Task.
Write every line below out again, exactly as given, but leave out the pictures.
--- --- ---
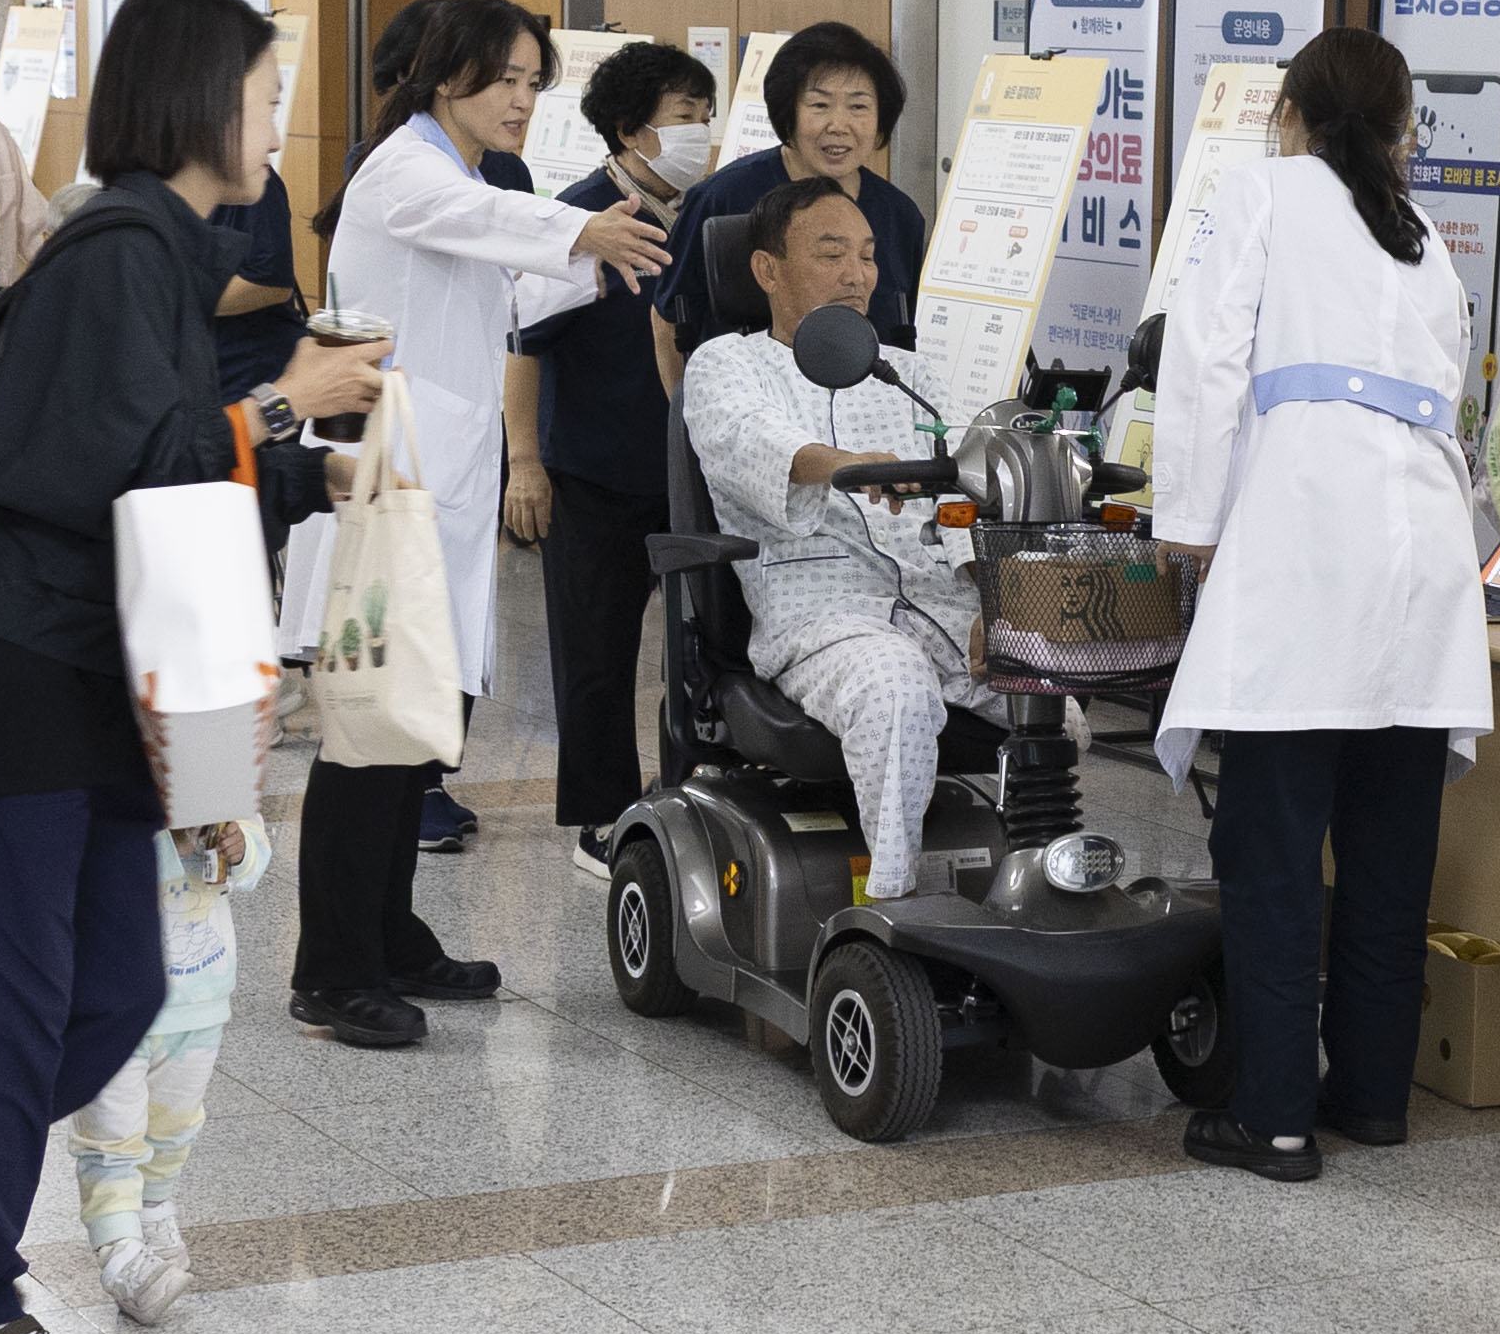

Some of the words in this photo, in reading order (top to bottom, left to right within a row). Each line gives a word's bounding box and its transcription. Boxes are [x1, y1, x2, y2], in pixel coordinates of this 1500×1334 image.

[1080, 17, 1113, 35] 함께하는
[1233, 19, 1271, 38] 운영내용
[750, 50, 763, 77] 7
[981, 71, 995, 100] 8
[1212, 81, 1226, 113] 9
[1244, 89, 1261, 104] 우리
[1238, 109, 1270, 126] 생각하는
[1412, 165, 1441, 183] 친화적
[1443, 167, 1472, 186] 모바일
[1062, 196, 1141, 249] 비스
[1048, 325, 1081, 347] 편리하게
--- --- ---
Exercise solution.
Some of the words in this photo, in reading order (top to bottom, left to right within a row). Each line gives a word's bounding box and its transcription. Boxes are [x1, y1, x2, y2], in pixel coordinates of this 1500×1334 image.

[1080, 17, 1113, 35] 함께하는
[1233, 19, 1271, 38] 운영내용
[750, 50, 763, 77] 7
[981, 71, 995, 100] 8
[1212, 81, 1226, 113] 9
[1244, 89, 1261, 104] 우리
[1238, 109, 1270, 126] 생각하는
[1412, 165, 1441, 183] 친화적
[1443, 167, 1472, 186] 모바일
[1062, 196, 1141, 249] 비스
[1048, 325, 1081, 347] 편리하게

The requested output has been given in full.